Dr. Kara Fitzgerald: Yes.
Robert Lustig, MD: They work. I mean, I can’t discount the data. I can’t discount what we’re seeing in society, especially in Hollywood. We can’t wave a magic wand and say this isn’t true. It’s true. They do work. 16% mean weight loss over a year and that’s not chicken feed. That’s real. And so for patients who are morbidly obese, who are otherwise candidates for bariatric surgery, it makes sense to try a GLP-1 first. I’m for it. I’m not against them, I’m for them because they work.

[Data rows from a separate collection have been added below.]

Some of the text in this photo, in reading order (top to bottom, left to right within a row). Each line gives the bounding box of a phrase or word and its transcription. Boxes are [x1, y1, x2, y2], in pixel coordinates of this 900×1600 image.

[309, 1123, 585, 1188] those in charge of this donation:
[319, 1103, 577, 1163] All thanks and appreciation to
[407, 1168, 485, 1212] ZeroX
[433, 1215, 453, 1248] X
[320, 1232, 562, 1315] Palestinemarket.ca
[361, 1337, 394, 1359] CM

Robert Lustig, MD: Now, let me put my scientist hat on. Why do they work? They work in two places. First place they work is here, they work on the reward center, to reduce the feeling of reward, which is one reason why people stop eating dessert and that’s good. On the other hand, it also causes depression. It doesn’t cause suicide, but it causes depression. Back in 2006, a drug was released in Europe. I don’t know if you remember this, but it was called rimonabant. The trade name was Acomplia and it was was an endocannabinoid antagonist. It was a CB1 receptor antagonist. It was the anti-munchies drug and it got approved and it got released to the European population and within two months of its approval and dissemination in Europe, there were 21 suicides because it turned off the reward system.

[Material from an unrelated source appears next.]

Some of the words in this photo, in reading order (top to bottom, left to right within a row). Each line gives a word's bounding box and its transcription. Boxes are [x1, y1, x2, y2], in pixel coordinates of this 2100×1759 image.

Robert Lustig, MD: And you know what, if you turn off the reward system, life ain’t worth living. And so these people basically cashed it in. And so this drug was immediately withdrawn and we haven’t seen another endocannabinoid antagonist on the market because of it. The reward system matters. You care about reward. It’s what gets you up in the morning. It’s what makes you go to work. This turns off reward. Now, it doesn’t seem to turn it off as bad as rimonabant did, but it turns it off. And there’s plenty of data showing an increase in major depressive disorder. Not suicide, but at least major depressive disorder. Is that a good thing? Not so good.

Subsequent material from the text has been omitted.